#### What is needed
Write the data out again, exactly as given.

#### Raw data
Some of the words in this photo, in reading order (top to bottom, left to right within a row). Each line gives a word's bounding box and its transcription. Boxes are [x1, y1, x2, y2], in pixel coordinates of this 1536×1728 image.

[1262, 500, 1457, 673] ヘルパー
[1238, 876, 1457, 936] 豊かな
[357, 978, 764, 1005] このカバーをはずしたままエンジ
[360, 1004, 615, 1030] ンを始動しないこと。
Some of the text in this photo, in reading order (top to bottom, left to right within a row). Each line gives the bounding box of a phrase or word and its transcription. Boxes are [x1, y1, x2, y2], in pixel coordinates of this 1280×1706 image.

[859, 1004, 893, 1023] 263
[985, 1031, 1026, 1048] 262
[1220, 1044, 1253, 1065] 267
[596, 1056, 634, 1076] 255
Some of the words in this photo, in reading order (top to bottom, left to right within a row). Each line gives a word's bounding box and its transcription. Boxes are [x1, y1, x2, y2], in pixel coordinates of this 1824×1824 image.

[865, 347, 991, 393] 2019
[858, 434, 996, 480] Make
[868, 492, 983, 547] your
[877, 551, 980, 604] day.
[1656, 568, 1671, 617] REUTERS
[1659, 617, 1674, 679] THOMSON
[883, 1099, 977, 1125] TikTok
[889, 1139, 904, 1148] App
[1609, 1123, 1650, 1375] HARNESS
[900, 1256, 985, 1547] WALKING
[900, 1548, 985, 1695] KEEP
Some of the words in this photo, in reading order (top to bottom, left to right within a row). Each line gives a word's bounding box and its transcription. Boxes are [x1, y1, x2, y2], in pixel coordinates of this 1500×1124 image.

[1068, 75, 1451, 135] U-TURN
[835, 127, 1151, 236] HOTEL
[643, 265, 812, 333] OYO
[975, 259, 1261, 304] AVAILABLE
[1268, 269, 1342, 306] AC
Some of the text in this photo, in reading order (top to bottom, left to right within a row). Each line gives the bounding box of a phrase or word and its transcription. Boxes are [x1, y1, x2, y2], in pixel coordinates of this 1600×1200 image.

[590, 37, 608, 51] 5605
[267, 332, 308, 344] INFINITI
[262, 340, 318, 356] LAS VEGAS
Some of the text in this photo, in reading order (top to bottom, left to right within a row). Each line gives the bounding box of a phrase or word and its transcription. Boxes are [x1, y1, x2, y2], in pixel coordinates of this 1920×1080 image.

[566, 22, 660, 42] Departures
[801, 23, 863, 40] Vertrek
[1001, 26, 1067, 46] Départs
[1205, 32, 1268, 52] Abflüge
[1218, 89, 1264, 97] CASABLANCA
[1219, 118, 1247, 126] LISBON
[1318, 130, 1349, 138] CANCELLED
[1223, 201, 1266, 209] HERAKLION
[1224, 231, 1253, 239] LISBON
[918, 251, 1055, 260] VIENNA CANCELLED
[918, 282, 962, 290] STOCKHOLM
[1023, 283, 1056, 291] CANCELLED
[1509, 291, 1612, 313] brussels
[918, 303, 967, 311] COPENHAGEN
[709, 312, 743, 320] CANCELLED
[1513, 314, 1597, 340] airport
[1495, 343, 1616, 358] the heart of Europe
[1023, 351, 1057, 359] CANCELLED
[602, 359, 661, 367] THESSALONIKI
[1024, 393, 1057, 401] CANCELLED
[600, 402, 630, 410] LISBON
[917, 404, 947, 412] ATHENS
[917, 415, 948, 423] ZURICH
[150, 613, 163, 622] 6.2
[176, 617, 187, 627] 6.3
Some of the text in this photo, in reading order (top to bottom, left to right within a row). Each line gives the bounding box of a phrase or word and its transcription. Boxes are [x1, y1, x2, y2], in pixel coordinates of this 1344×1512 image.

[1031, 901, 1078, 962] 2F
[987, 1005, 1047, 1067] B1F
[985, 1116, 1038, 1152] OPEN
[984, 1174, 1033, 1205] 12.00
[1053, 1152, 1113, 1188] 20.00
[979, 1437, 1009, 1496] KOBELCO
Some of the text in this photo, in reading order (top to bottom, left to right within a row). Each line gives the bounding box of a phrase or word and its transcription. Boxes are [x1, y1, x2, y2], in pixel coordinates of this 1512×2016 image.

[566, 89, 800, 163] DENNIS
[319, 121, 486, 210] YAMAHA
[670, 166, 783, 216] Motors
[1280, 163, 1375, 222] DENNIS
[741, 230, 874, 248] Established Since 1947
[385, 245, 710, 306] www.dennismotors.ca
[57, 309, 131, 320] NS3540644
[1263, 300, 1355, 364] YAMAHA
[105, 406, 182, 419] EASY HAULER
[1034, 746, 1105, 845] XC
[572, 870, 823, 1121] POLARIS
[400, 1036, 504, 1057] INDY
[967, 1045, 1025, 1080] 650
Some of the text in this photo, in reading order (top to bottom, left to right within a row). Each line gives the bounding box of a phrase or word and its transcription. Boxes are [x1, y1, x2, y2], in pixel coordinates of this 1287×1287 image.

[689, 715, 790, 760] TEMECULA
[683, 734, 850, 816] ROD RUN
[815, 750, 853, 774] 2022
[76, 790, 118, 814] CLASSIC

#### Response to the exercise
Some of the words in this photo, in reading order (top to bottom, left to right within a row). Each line gives a word's bounding box and its transcription. Boxes are [x1, y1, x2, y2], in pixel coordinates of this 1536×1728 image.

[1262, 500, 1457, 673] ヘルパー
[1238, 876, 1457, 936] 豊かな
[357, 978, 764, 1005] このカバーをはずしたままエンジ
[360, 1004, 615, 1030] ンを始動しないこと。
Some of the text in this photo, in reading order (top to bottom, left to right within a row). Each line gives the bounding box of a phrase or word and its transcription. Boxes are [x1, y1, x2, y2], in pixel coordinates of this 1280×1706 image.

[859, 1004, 893, 1023] 263
[985, 1031, 1026, 1048] 262
[1220, 1044, 1253, 1065] 267
[596, 1056, 634, 1076] 255
Some of the words in this photo, in reading order (top to bottom, left to right within a row). Each line gives a word's bounding box and its transcription. Boxes are [x1, y1, x2, y2], in pixel coordinates of this 1824×1824 image.

[865, 347, 991, 393] 2019
[858, 434, 996, 480] Make
[868, 492, 983, 547] your
[877, 551, 980, 604] day.
[1656, 568, 1671, 617] REUTERS
[1659, 617, 1674, 679] THOMSON
[883, 1099, 977, 1125] TikTok
[889, 1139, 904, 1148] App
[1609, 1123, 1650, 1375] HARNESS
[900, 1256, 985, 1547] WALKING
[900, 1548, 985, 1695] KEEP
Some of the words in this photo, in reading order (top to bottom, left to right within a row). Each line gives a word's bounding box and its transcription. Boxes are [x1, y1, x2, y2], in pixel coordinates of this 1500×1124 image.

[1068, 75, 1451, 135] U-TURN
[835, 127, 1151, 236] HOTEL
[643, 265, 812, 333] OYO
[975, 259, 1261, 304] AVAILABLE
[1268, 269, 1342, 306] AC
Some of the text in this photo, in reading order (top to bottom, left to right within a row). Each line gives the bounding box of a phrase or word and its transcription. Boxes are [x1, y1, x2, y2], in pixel coordinates of this 1600×1200 image.

[590, 37, 608, 51] 5605
[267, 332, 308, 344] INFINITI
[262, 340, 318, 356] LAS VEGAS
Some of the text in this photo, in reading order (top to bottom, left to right within a row). Each line gives the bounding box of a phrase or word and its transcription. Boxes are [x1, y1, x2, y2], in pixel coordinates of this 1920×1080 image.

[566, 22, 660, 42] Departures
[801, 23, 863, 40] Vertrek
[1001, 26, 1067, 46] Départs
[1205, 32, 1268, 52] Abflüge
[1218, 89, 1264, 97] CASABLANCA
[1219, 118, 1247, 126] LISBON
[1318, 130, 1349, 138] CANCELLED
[1223, 201, 1266, 209] HERAKLION
[1224, 231, 1253, 239] LISBON
[918, 251, 1055, 260] VIENNA CANCELLED
[918, 282, 962, 290] STOCKHOLM
[1023, 283, 1056, 291] CANCELLED
[1509, 291, 1612, 313] brussels
[918, 303, 967, 311] COPENHAGEN
[709, 312, 743, 320] CANCELLED
[1513, 314, 1597, 340] airport
[1495, 343, 1616, 358] the heart of Europe
[1023, 351, 1057, 359] CANCELLED
[602, 359, 661, 367] THESSALONIKI
[1024, 393, 1057, 401] CANCELLED
[600, 402, 630, 410] LISBON
[917, 404, 947, 412] ATHENS
[917, 415, 948, 423] ZURICH
[150, 613, 163, 622] 6.2
[176, 617, 187, 627] 6.3
Some of the text in this photo, in reading order (top to bottom, left to right within a row). Each line gives the bounding box of a phrase or word and its transcription. Boxes are [x1, y1, x2, y2], in pixel coordinates of this 1344×1512 image.

[1031, 901, 1078, 962] 2F
[987, 1005, 1047, 1067] B1F
[985, 1116, 1038, 1152] OPEN
[984, 1174, 1033, 1205] 12.00
[1053, 1152, 1113, 1188] 20.00
[979, 1437, 1009, 1496] KOBELCO
Some of the text in this photo, in reading order (top to bottom, left to right within a row). Each line gives the bounding box of a phrase or word and its transcription. Boxes are [x1, y1, x2, y2], in pixel coordinates of this 1512×2016 image.

[566, 89, 800, 163] DENNIS
[319, 121, 486, 210] YAMAHA
[670, 166, 783, 216] Motors
[1280, 163, 1375, 222] DENNIS
[741, 230, 874, 248] Established Since 1947
[385, 245, 710, 306] www.dennismotors.ca
[57, 309, 131, 320] NS3540644
[1263, 300, 1355, 364] YAMAHA
[105, 406, 182, 419] EASY HAULER
[1034, 746, 1105, 845] XC
[572, 870, 823, 1121] POLARIS
[400, 1036, 504, 1057] INDY
[967, 1045, 1025, 1080] 650
Some of the text in this photo, in reading order (top to bottom, left to right within a row). Each line gives the bounding box of a phrase or word and its transcription. Boxes are [x1, y1, x2, y2], in pixel coordinates of this 1287×1287 image.

[689, 715, 790, 760] TEMECULA
[683, 734, 850, 816] ROD RUN
[815, 750, 853, 774] 2022
[76, 790, 118, 814] CLASSIC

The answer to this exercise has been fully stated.